EXERCISE INPUTS
------------------------------
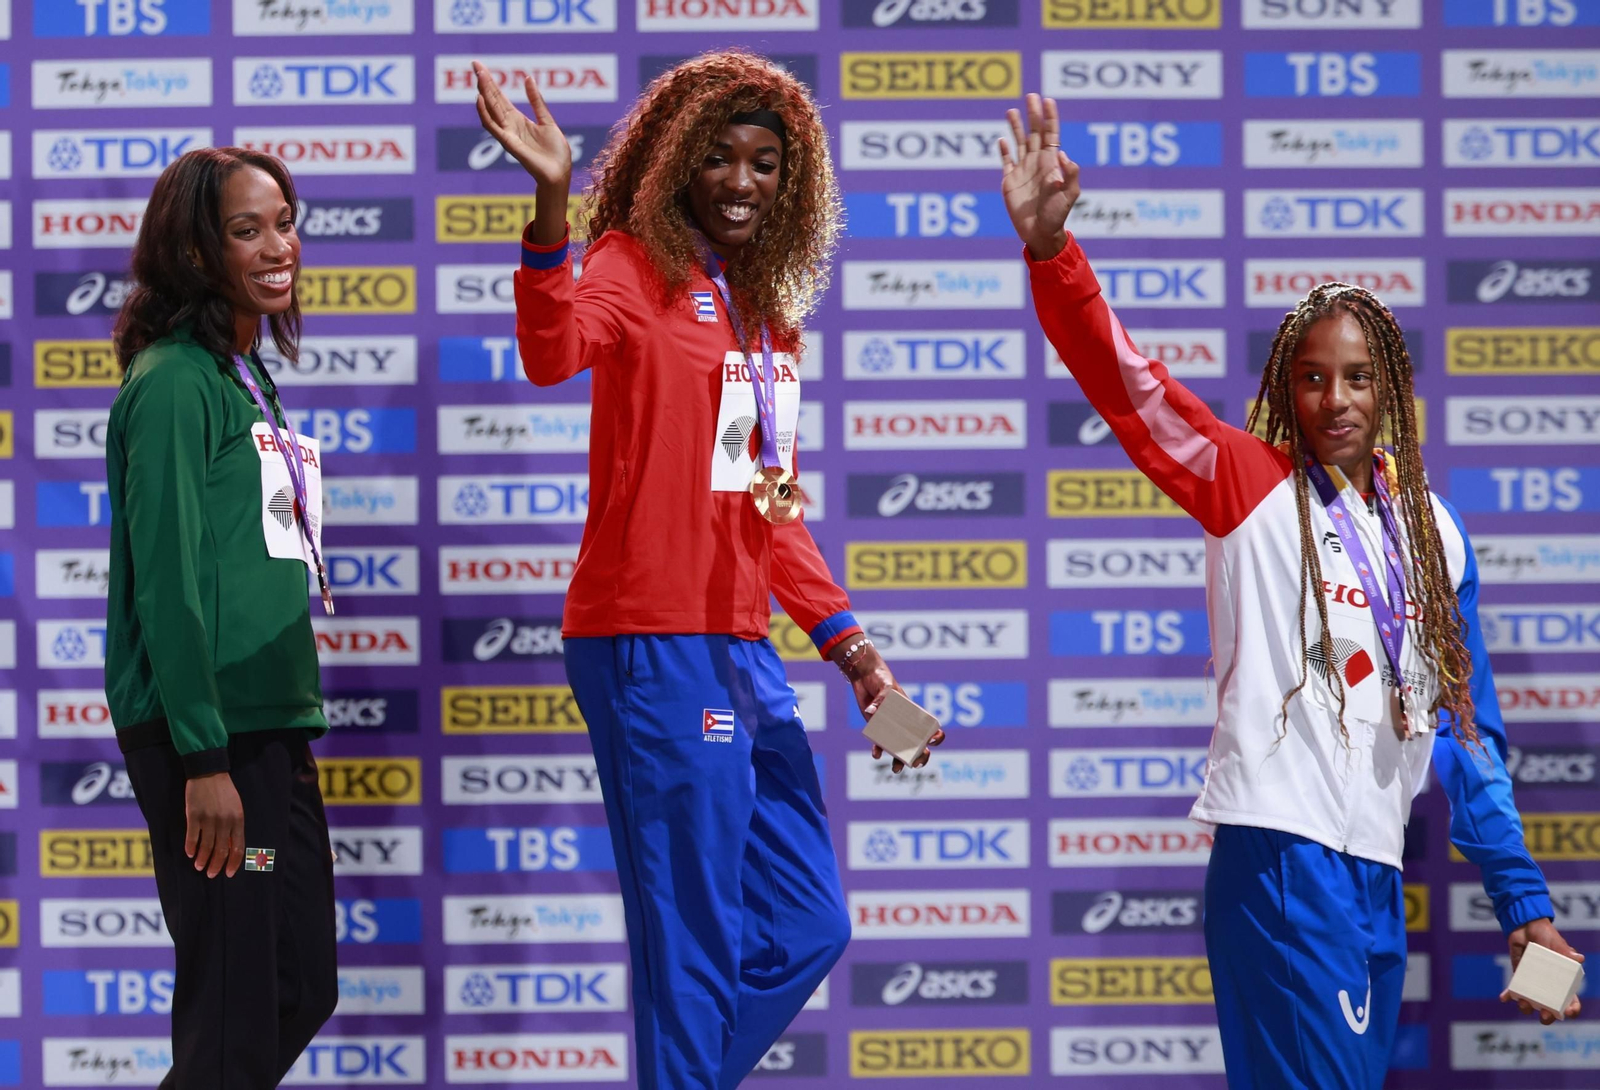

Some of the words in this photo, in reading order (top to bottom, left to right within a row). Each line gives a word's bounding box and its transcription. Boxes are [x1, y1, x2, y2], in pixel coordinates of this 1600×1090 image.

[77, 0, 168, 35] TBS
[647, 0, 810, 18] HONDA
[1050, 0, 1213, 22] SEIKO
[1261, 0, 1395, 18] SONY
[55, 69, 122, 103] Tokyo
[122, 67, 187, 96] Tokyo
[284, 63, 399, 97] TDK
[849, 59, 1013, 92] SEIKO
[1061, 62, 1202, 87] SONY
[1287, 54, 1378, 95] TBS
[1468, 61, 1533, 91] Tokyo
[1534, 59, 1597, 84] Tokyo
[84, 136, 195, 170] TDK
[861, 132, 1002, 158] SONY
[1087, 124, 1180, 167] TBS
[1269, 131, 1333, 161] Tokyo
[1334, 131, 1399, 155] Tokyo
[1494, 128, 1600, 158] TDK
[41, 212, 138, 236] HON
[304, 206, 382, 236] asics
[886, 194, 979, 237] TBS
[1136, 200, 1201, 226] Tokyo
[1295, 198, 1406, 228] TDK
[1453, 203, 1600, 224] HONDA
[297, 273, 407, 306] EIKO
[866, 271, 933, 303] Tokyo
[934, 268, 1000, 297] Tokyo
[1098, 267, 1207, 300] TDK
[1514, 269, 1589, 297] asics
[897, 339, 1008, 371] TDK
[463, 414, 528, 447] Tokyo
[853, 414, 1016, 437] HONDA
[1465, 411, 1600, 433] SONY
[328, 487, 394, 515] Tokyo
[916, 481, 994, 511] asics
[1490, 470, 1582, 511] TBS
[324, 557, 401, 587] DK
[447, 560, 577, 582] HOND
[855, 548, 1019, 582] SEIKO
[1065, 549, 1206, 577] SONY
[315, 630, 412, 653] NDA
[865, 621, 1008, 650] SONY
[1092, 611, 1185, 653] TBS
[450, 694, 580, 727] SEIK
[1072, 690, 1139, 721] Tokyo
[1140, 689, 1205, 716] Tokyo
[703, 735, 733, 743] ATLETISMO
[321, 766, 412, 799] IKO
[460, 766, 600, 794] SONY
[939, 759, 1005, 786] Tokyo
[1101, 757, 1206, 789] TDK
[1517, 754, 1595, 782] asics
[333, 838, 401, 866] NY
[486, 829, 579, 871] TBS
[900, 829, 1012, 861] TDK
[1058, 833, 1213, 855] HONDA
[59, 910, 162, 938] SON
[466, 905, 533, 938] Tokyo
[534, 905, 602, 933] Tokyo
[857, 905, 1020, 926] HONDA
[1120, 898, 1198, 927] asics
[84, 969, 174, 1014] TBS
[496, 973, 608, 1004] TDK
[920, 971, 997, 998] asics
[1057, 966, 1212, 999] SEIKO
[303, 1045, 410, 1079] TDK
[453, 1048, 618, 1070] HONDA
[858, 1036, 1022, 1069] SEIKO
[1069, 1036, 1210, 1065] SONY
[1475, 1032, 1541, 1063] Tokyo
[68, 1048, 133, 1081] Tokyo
------------------------------
WORK ITEM
Only the lines holding the word "asics" belong in the answer; copy them from the listing above.

RESPONSE FOR THIS EXERCISE
[304, 206, 382, 236] asics
[1514, 269, 1589, 297] asics
[916, 481, 994, 511] asics
[1517, 754, 1595, 782] asics
[1120, 898, 1198, 927] asics
[920, 971, 997, 998] asics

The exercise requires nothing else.